Thanks to Peter for the posting.

I strongly disagree with most of their conclusions.

>Based on information provided in the media, attentive readers who have
>tracked the
annual reports since 2006 might infer that managed U.S. honey bee
populations are nearly gone.

I agree here as the media never seems to get it right but yearly losses
since 2006 have doubled or tripled in even some of the best outfits.

I do not know the answer but would be silly to not see what is happening.
My hive loss this fall is close to pre 2006 levels but not last year.

Many others are not seeing improvement.


>They might also believe that the collective is incurring billions of
>dollars in damages.

Again the above is correct mainly because of the wording *billions* instead
of the accurate millions.

>Our results suggest that there has been no
discernible impacts of CCD on either colony numbers or on the prices of
packaged bees and
queens.

Packages bees in the Midwest climbed from the $60's to the 90's over four
years since the die off. It has been almost impossible for Georgia to fill 
orders and
California postponed delivery for weeks.

The producers use the excuse weather but privately say the bees are not
acting as the bees did prior to 2006.

>. We estimate the
impacts on beekeeper costs to be modest, and possibly less than their
increased revenue due to
CCD-induced increases in pollination fees.

Pollination prices are based on supply and demand.
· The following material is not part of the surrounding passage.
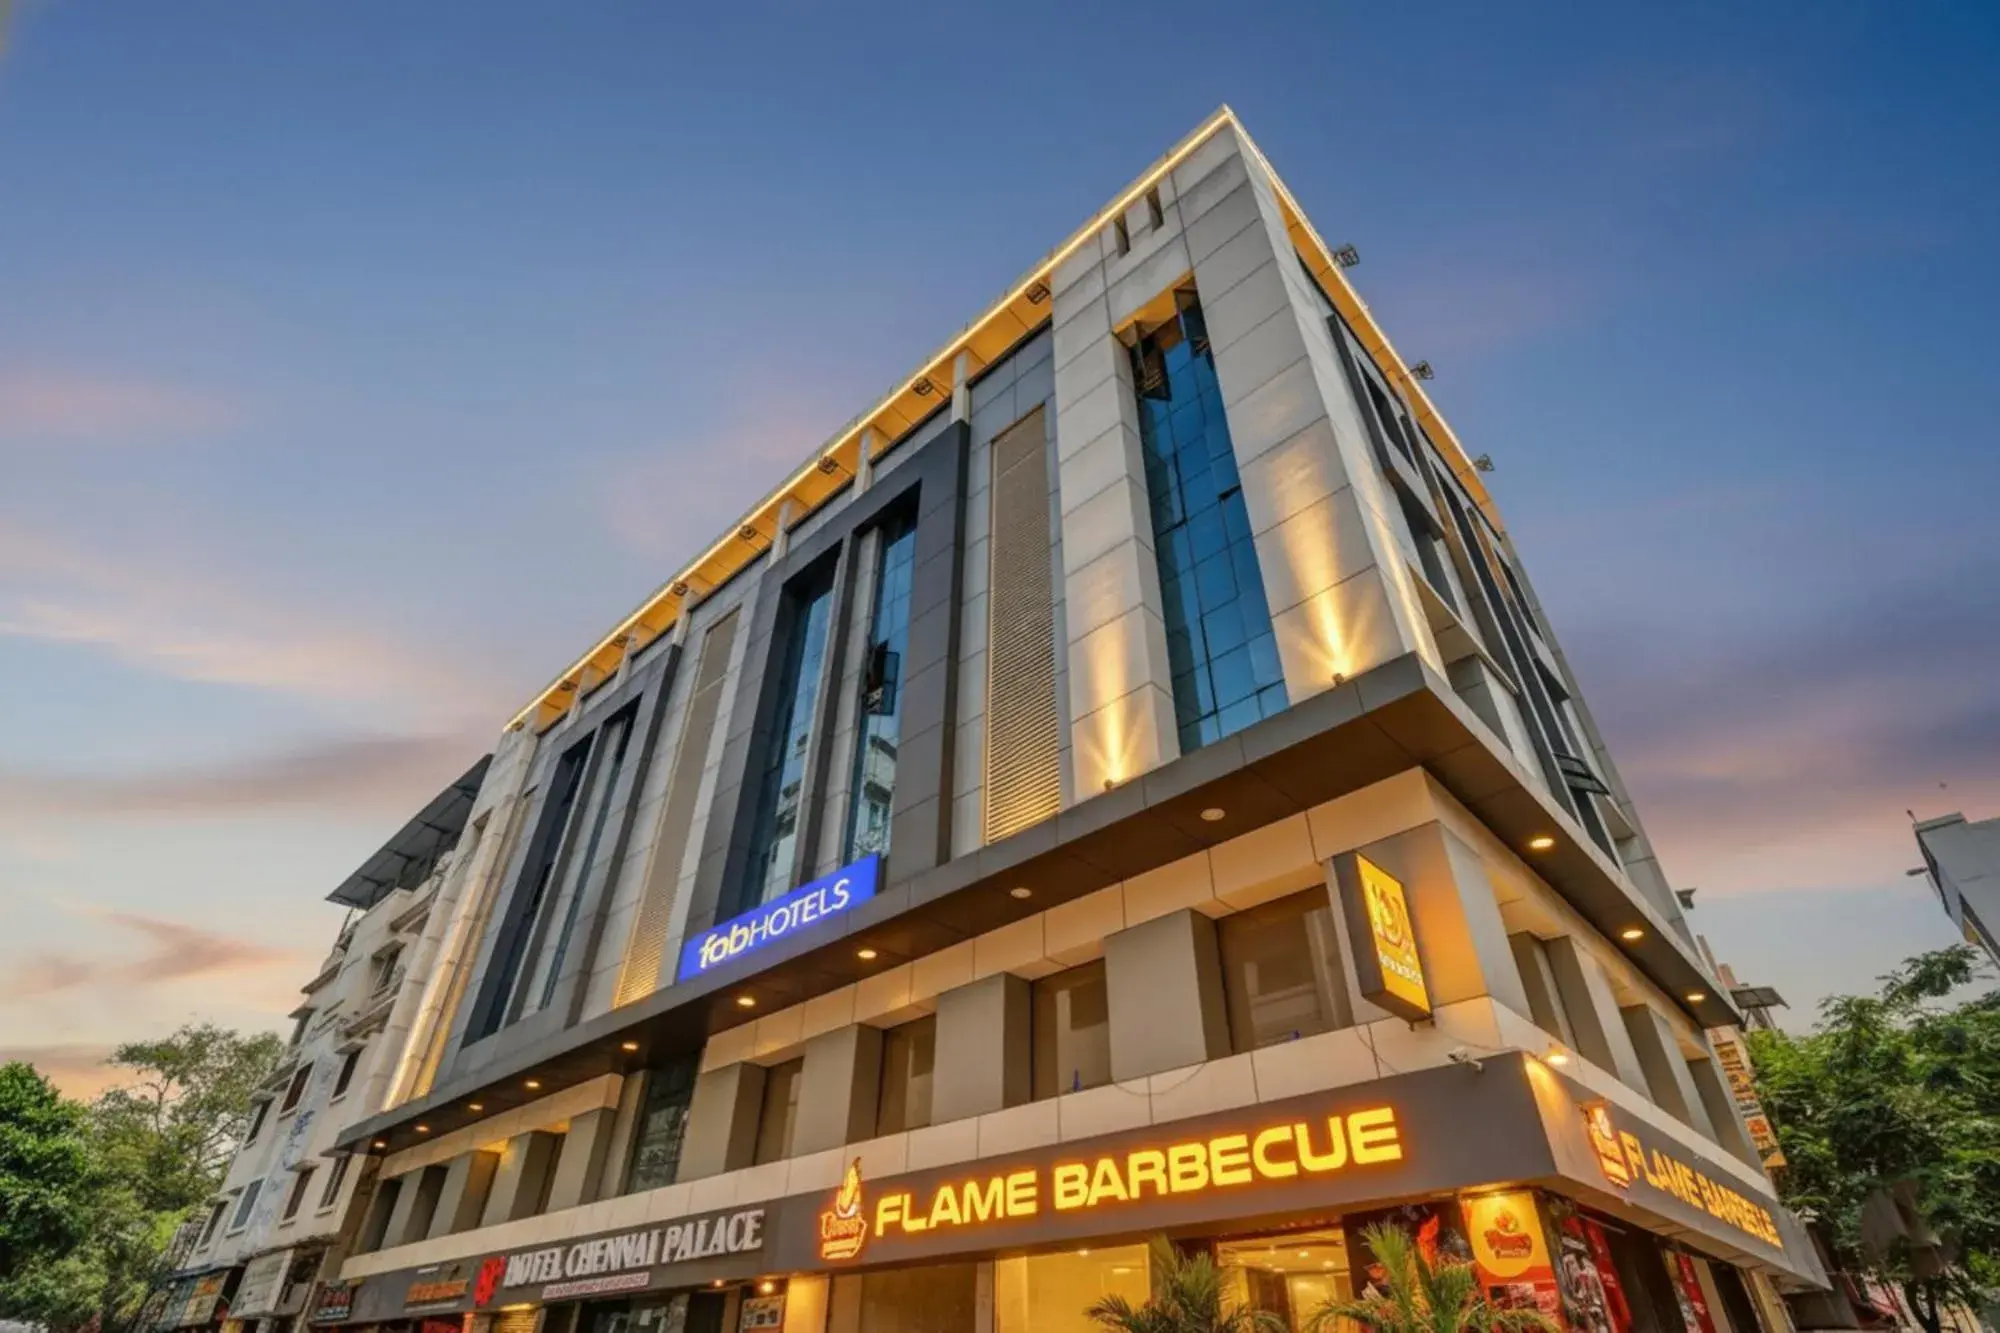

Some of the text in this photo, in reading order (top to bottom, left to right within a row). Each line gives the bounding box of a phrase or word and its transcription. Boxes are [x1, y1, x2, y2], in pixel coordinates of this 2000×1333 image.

CCD is only a word to
describe a set of symptoms. Today if a hive dies many say "CCD killed my
bees"

the problem started in 2006 (2004 in Florida) and has not gone away.  Every
commercial beekeeper I have spoken with believes the bees have not rebounded
to pre 2006 levels yet.

There are times in beekeeping history when bees were hit hard.

80's tracheal mites.

90's varroa mites

2006 bee die off.

The bees like we we ran in the 70's will never return *in my opinion*.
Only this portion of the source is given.